La gente quiere saber sus logros como alcalde y senadora.

Porque mientras algunos aspirantes aseguran que todo marcha bien en Tlaxcala, los ciudadanos observan otra realidad.

La inseguridad sigue ocupando conversaciones familiares, redes sociales y reuniones vecinales. La percepción de riesgo aumenta. La confianza institucional disminuye. Y el dinero cada vez alcanza menos.

No se trata de comparar a Tlaxcala con otros estados más violentos. Se trata de comparar a Tlaxcala consigo misma.

Y cuando la distancia entre el discurso oficial y la realidad comienza a crecer, aparecen los mensajes de advertencia.

Coahuila puede ser uno de ellos. Porque, más allá de los colores, la elección dejó una enseñanza sencilla: ningún partido tiene asegurado el respaldo ciudadano para siempre.

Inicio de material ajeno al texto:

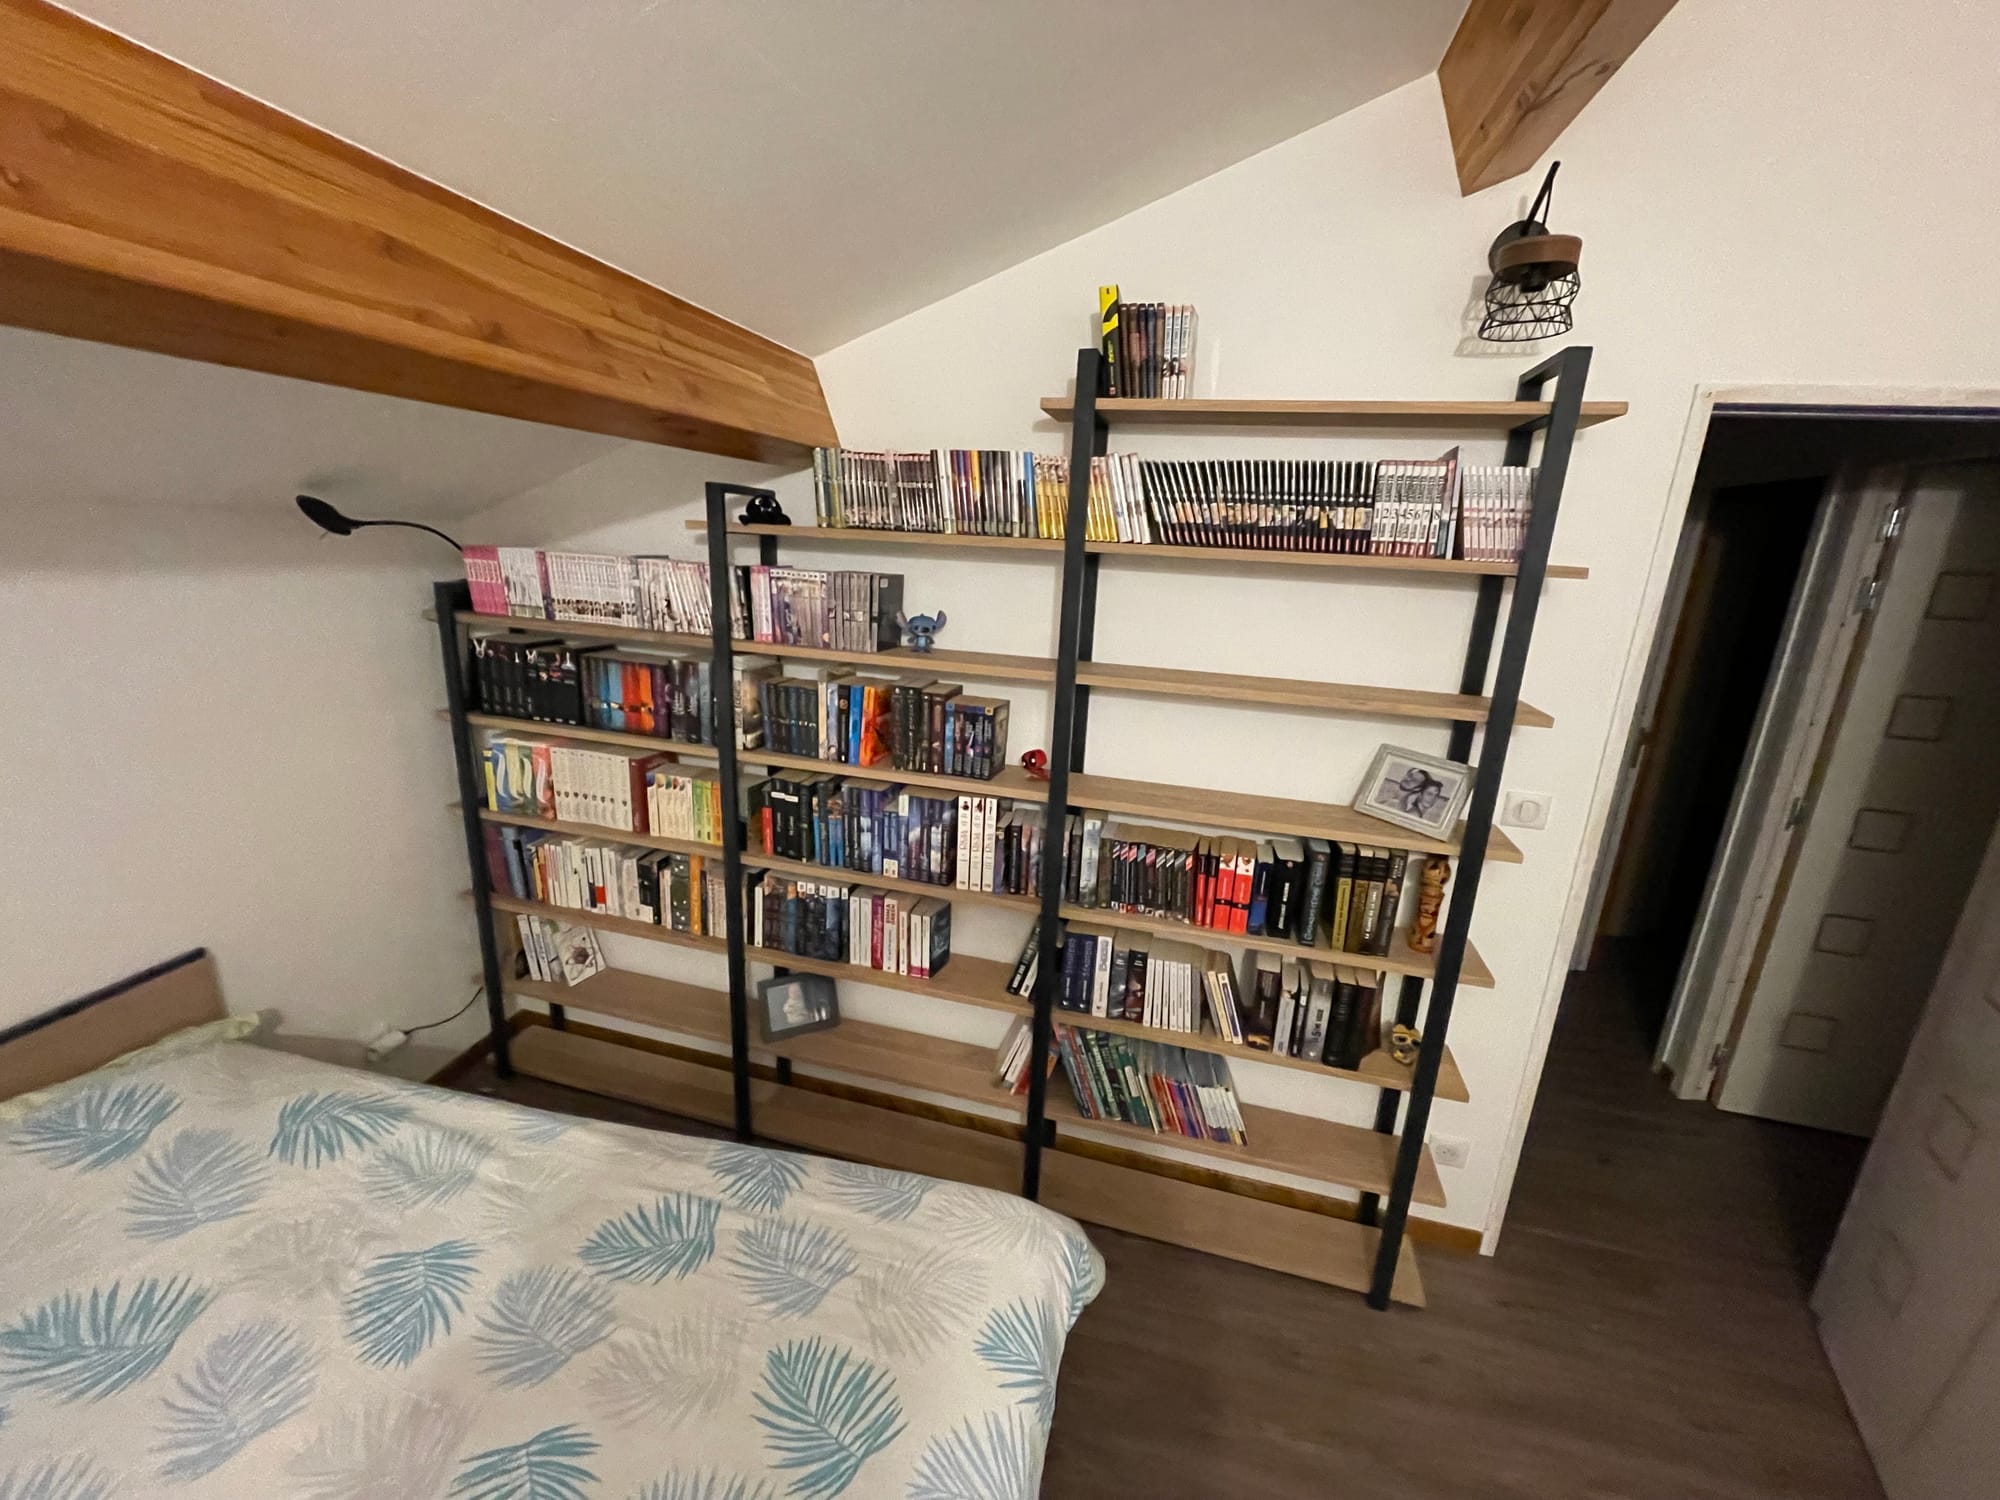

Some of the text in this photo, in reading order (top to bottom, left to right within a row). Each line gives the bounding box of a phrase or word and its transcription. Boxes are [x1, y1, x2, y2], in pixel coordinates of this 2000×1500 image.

[1382, 508, 1389, 519] 2
[1400, 508, 1407, 519] 4
[1406, 509, 1413, 519] 5
[1414, 510, 1421, 520] 6
[1423, 509, 1430, 520] 7
[1433, 510, 1441, 521] 8
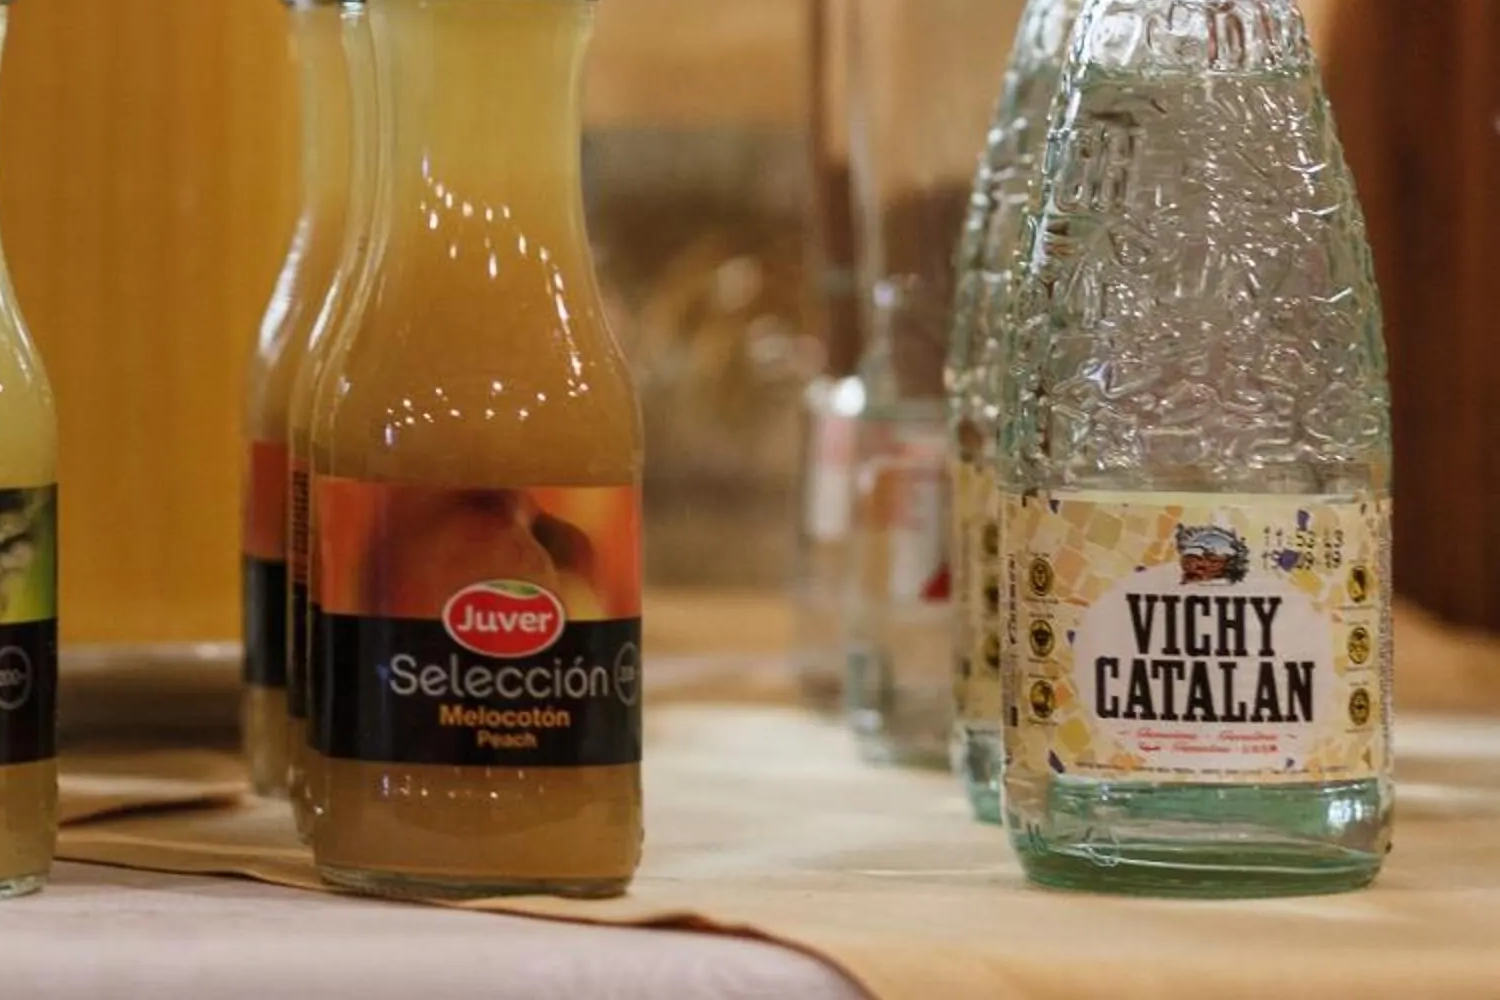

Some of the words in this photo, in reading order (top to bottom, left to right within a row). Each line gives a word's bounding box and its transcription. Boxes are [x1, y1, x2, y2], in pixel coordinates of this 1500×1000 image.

[457, 604, 554, 633] Juver
[1126, 593, 1282, 657] VICHY
[390, 654, 609, 698] Selección
[1094, 656, 1315, 723] CATALAN
[439, 704, 571, 728] Melocotón
[477, 729, 538, 749] Peach

La gente premia resultados. Pero también castiga arrogancias. Y cuando los gobernantes dejan de escuchar, los ciudadanos terminan encontrando otra forma de hacerse escuchar. En las urnas.

Por eso, más que celebrar o minimizar lo ocurrido en Coahuila, en Tlaxcala deberían observarlo con atención.

Porque el problema nunca comienza cuando aparecen las críticas. El problema comienza cuando desde el poder se convencen de que ya no vale la pena escucharlas.

Y entonces sí. El ruido deja de ser una advertencia. Y se convierte en un mensaje de cambio.

Mientras Morena en Tlaxcala insiste en que todo está bajo control, las fracturas internas rumbo al 2027 son cada vez más visibles. Las bardas, los grupos, las cargadas y los posicionamientos adelantados demuestran que la verdadera oposición de Morena podría terminar siendo Morena mismo. Al tiempo.